I sure hope you're right. Because the original proposal stinks!


----------



## Ed O (Dec 30, 2002)

*Re: Latest Trade Rumor from ESPN*

This trade gets us out from under Theo's deal, which is huge.

This trade gets us out from Miles's deal, which might be good, if the Blazers think Darius is damaged goods and/or if they just think he won't get along with Nate and/or they think they're going to get their small forward of the future either out of their current batch of prospects or with their '06 lottery pick.

This trade might get us a young piece for the future (or two, if a draft pick is coming as well).

This trade makes us worse the rest of this year and next, giving us better draft picks, including a better shot at Oden.

I'm not a fan of rebuilding, but this trade is the type that the team should have made a year and a half ago if they were going to rebuild.

Actually, now that I think of it, if we can get NY's pick in the 2007 draft, I'd probably be in favor of this deal. Since they have a 1st rounder in 2006 (from Denver?) they could move their 2007 first, right?

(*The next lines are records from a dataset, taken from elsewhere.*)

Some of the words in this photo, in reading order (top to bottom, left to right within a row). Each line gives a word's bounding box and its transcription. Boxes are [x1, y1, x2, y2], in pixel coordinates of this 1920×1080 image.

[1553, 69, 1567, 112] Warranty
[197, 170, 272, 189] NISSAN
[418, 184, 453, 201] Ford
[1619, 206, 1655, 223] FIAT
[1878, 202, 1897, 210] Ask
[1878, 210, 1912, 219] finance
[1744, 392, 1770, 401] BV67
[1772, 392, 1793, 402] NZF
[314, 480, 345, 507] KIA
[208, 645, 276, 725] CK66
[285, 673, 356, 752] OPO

The Knicks might be deluded into thinking that with Miles and Theo they could get into the playoffs next year, while the Blazers might think (IMO justifiably) that the odds of NY staying in the lottery next year are pretty good. Two cracks at Oden would be nice...

Ed O.


----------



## Ed O (Dec 30, 2002)

*Re: Just heard on ESPN...*



Hap said:


> Why would he have to be CONVINCED if he was going to sell the team? Seems to me, altho I'm not sure why him dumping salary is a sign he's selling anyways, if he had to be CONVINCED to save money on a player that maybe the coach, gm and president are all for him trading, that's not a sign of an owner wanting to save money, but a *team* realizing Darius and theo arent worth the $ and that Darius ain't the superstar in training they assumed he was.

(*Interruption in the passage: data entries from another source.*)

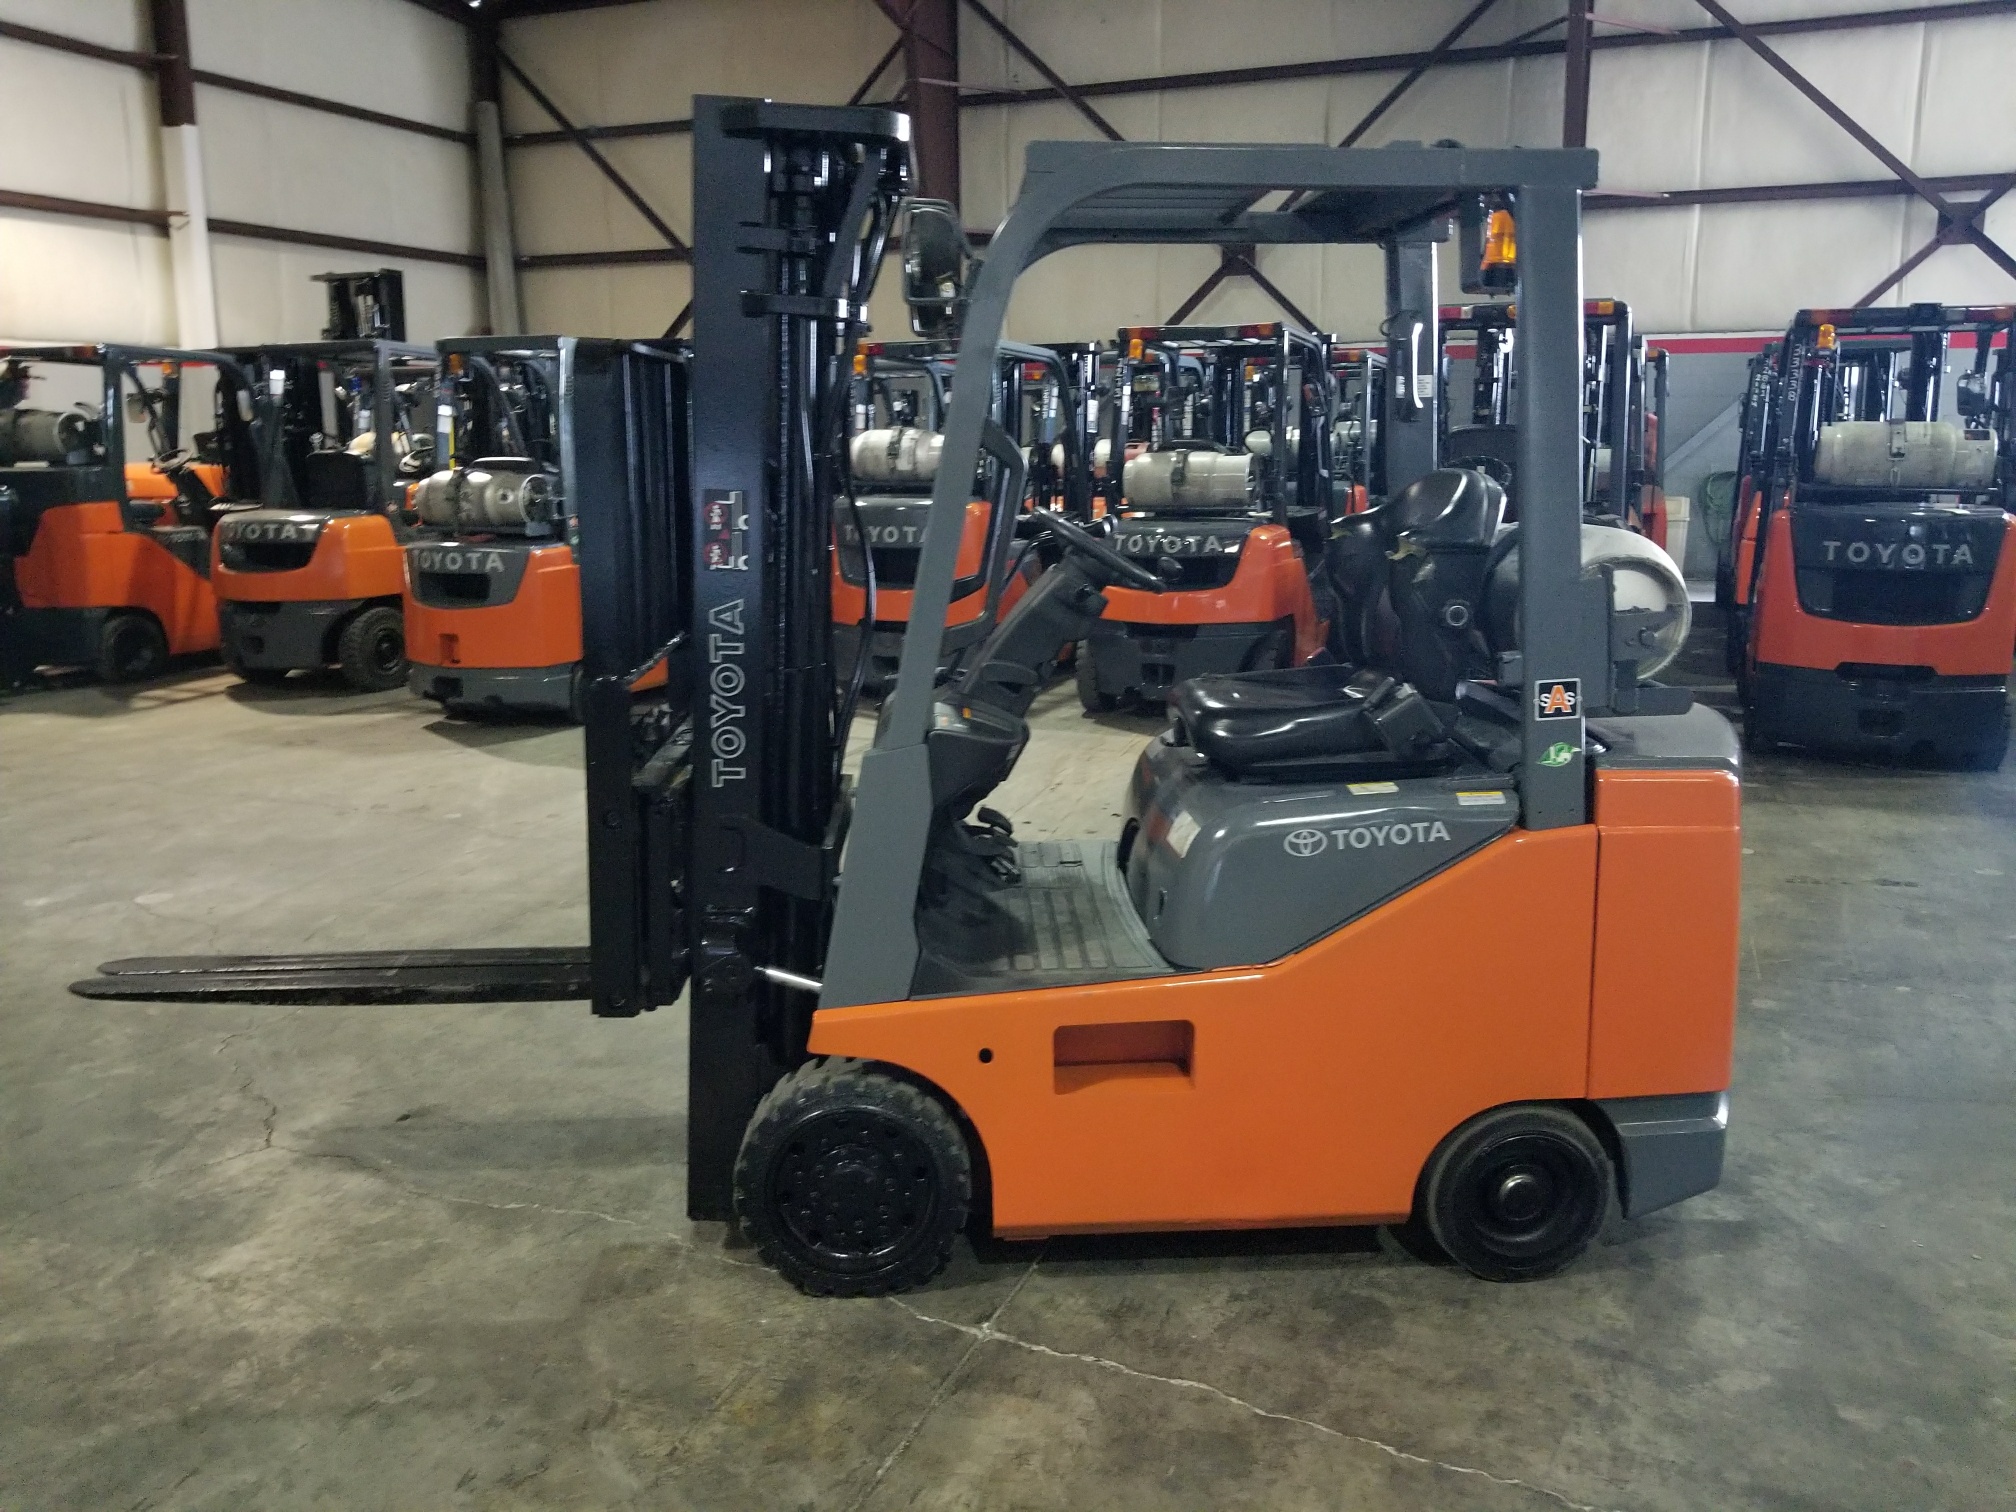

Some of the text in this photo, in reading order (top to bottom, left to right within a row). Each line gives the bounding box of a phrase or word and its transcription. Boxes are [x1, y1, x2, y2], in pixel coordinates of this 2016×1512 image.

[1113, 533, 1223, 554] TOYOTA
[1822, 540, 1974, 566] TOYOTA
[411, 549, 505, 573] TOYOTA
[708, 598, 747, 788] TOYOTA
[1330, 821, 1452, 850] TOYOTA

Totally, 100% agree. If Allen were going to sell the team, this deal would be consistent with that... but if he had to be convinced to do it, it seems to indicate that selling the team is NOT something he's interested in. I find it hard to believe that he would be convinced to make the deal and to sell the team all at once, which is the other alternative.

Ed O.


----------



## Dan (Dec 30, 2002)

*Re: Latest Trade Rumor from ESPN*



Ed O said:


> This trade gets us out from under Theo's deal, which is huge.
> 
> This trade gets us out from Miles's deal, which might be good, if the Blazers think Darius is damaged goods and/or if they just think he won't get along with Nate and/or they think they're going to get their small forward of the future either out of their current batch of prospects or with their '06 lottery pick.
> 
> ...


the 07 Knick pick is basically CHicagos pick (assuming Chicagos pick is lower).

Chicago has the right to swap picks, if NY's is higher in the draft. So we COULD get NY's 07 pick, but it wouldn't be a #1 pick. 

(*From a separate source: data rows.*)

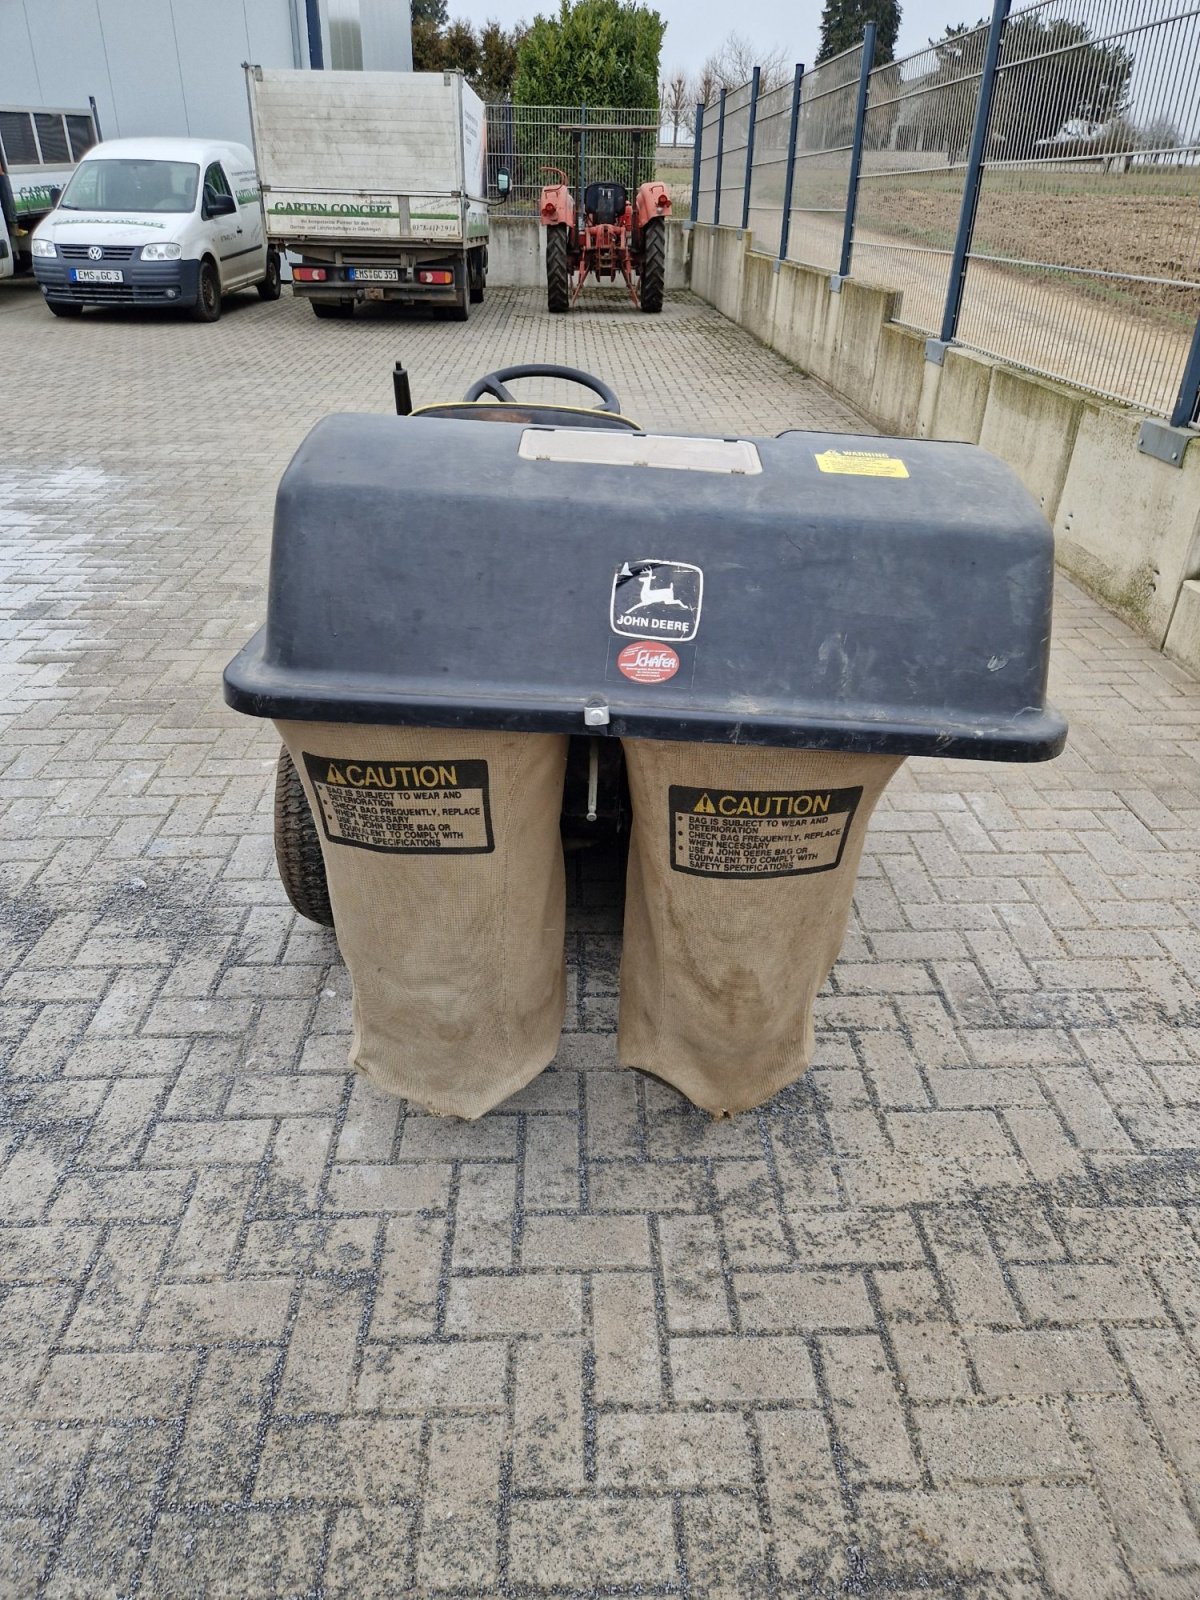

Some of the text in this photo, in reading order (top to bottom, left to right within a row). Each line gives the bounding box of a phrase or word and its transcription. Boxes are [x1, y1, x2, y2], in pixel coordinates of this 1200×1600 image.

[275, 202, 392, 214] GARTEN CONCEPT
[78, 270, 120, 281] EMS GC 3
[355, 270, 398, 280] EMS GC 351
[616, 615, 690, 632] JOHN DEERE
[346, 765, 457, 788] CAUTION
[326, 786, 342, 795] BAG
[345, 789, 353, 797] IS
[356, 791, 395, 800] SUBJECT
[443, 791, 462, 799] AND
[329, 794, 393, 807] DETERIORATION
[719, 794, 831, 817] CAUTION
[332, 801, 358, 812] CHECK
[361, 806, 378, 814] BAG
[442, 808, 480, 816] REPLACE
[333, 808, 409, 823] WHEN NECESSARY
[689, 816, 707, 825] BAG
[722, 819, 763, 827] SUBJECT
[810, 816, 828, 824] AND
[337, 816, 351, 824] USE
[362, 821, 383, 829] JOHN
[340, 823, 386, 837] EQUIVALENT
[689, 824, 758, 834] DETERIORATION
[689, 831, 717, 840] CHECK
[804, 828, 841, 840] REPLACE
[342, 830, 441, 847] SAFETY SPECIFICATIONS
[689, 839, 769, 850] WHEN NECESSARY
[689, 846, 705, 854] USE
[689, 853, 741, 864] EQUIVALENT
[760, 855, 794, 863] COMPLY
[798, 853, 818, 861] WITH
[689, 861, 794, 871] SAFETY SPECIFICATIONS

BTW, imagine if Chicago got the #1 pick next year and still made the playoffs (it's possible, if NY gets #1).

Well, thats how I understand it.


----------



## Fork (Jan 2, 2003)

*Re: Latest Trade Rumor from ESPN*



Ed O said:


> This trade gets us out from under Theo's deal, which is huge.
> 
> This trade gets us out from Miles's deal, which might be good, if the Blazers think Darius is damaged goods and/or if they just think he won't get along with Nate and/or they think they're going to get their small forward of the future either out of their current batch of prospects or with their '06 lottery pick.
> 
> ...


Good points.

In addition, we'd be out from under Anderson's Patterson's contract by the next season with enough cash to offer a big name free agent the max deal. I count at least 15 million. (assuming we don't blow the deal by resigning przybilla to a ridiculous contract.)


----------



## Ed O (Dec 30, 2002)

*Re: Latest Trade Rumor from ESPN*



Hap said:


> Well, thats how I understand it.


I think you're right. http://www.nba.com/bulls/news/curry_traded_051004.html

I'd actually consider taking a 2008 unprotected first from NY. It's a ways out, but Mayo would look good as a Blazer and the Knicks might be REALLY hosed by then 

Of course, NY owes Utah a first rounder at some point, and I'm not sure the protections on that.

Ed O.


----------



## maxiep (May 7, 2003)

*Re: Just heard on ESPN...*



Hap said:


> or maybe he figured, via what the coach told him, what the GM told him, what the President told him and what Pritchard told him, that keeping Theo and Darius is more detrimental to the improvement of the team than it's worth?
> 
> Why would he have to be CONVINCED if he was going to sell the team? Seems to me, altho I'm not sure why him dumping salary is a sign he's selling anyways, if he had to be CONVINCED to save money on a player that maybe the coach, gm and president are all for him trading, that's not a sign of an owner wanting to save money, but a *team* realizing Darius and theo arent worth the $ and that Darius ain't the superstar in training they assumed he was.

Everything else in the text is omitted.